Your task is to print all of the entries exactly, though the pictures should not be included.
Segment Start: PROVIDED MATERIAL
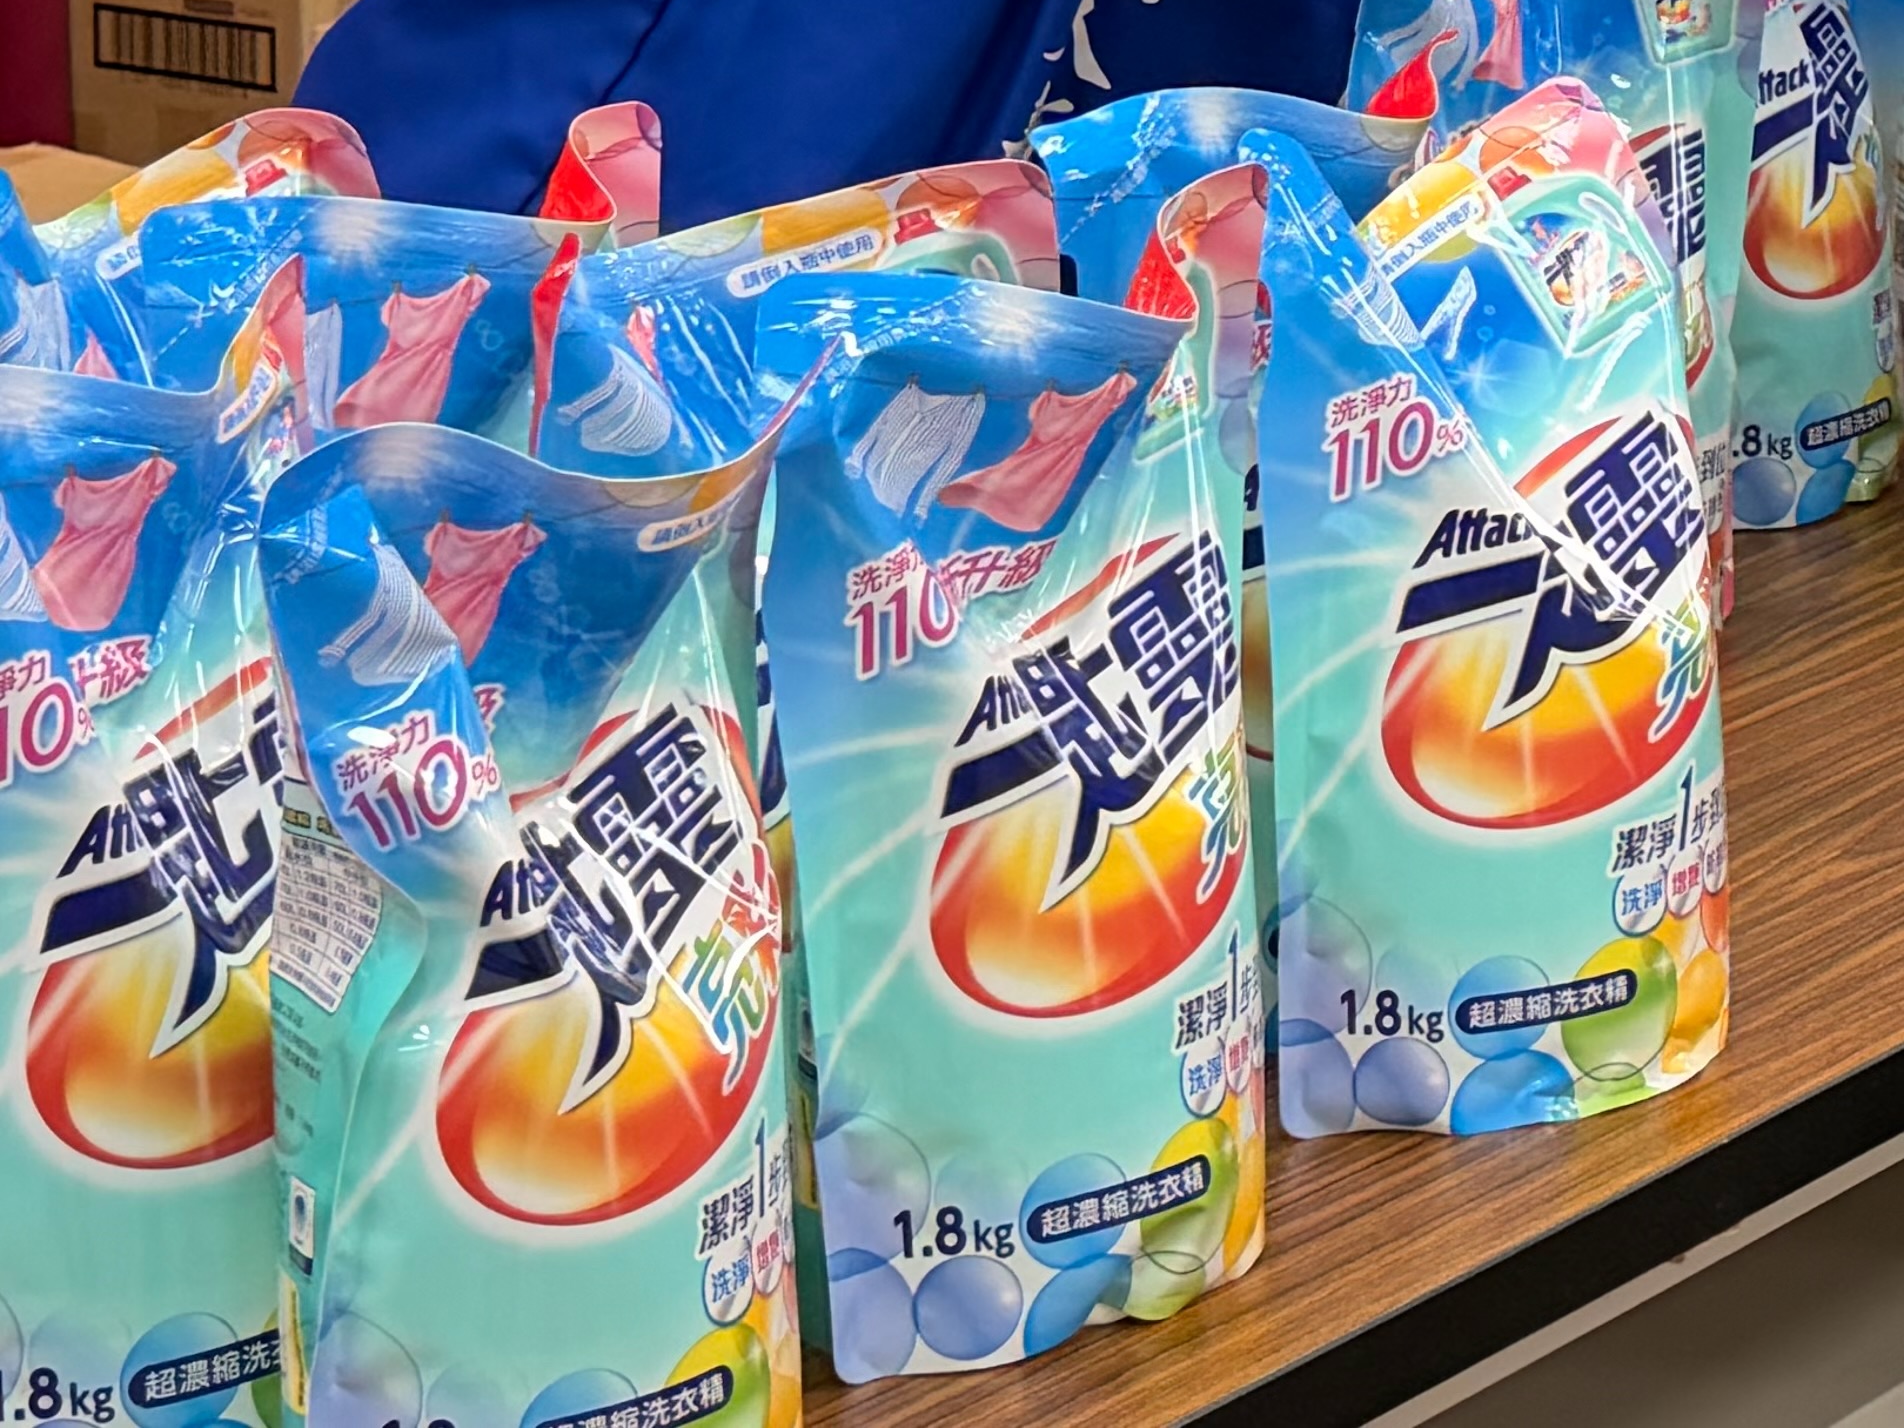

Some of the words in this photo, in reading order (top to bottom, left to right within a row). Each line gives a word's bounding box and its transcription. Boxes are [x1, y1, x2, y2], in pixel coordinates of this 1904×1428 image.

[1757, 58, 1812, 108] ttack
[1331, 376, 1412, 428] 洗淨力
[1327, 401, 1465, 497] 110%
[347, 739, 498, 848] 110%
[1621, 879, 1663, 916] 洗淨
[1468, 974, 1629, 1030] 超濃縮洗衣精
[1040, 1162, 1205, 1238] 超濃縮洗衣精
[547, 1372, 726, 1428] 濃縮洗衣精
Segment End: PROVIDED MATERIAL
● WRITTEN ANSWER:
Some of the words in this photo, in reading order (top to bottom, left to right within a row). Each line gives a word's bounding box and its transcription. Boxes are [x1, y1, x2, y2], in pixel coordinates of this 1904×1428 image.

[1757, 58, 1812, 108] ttack
[1331, 376, 1412, 428] 洗淨力
[1327, 401, 1465, 497] 110%
[347, 739, 498, 848] 110%
[1621, 879, 1663, 916] 洗淨
[1468, 974, 1629, 1030] 超濃縮洗衣精
[1040, 1162, 1205, 1238] 超濃縮洗衣精
[547, 1372, 726, 1428] 濃縮洗衣精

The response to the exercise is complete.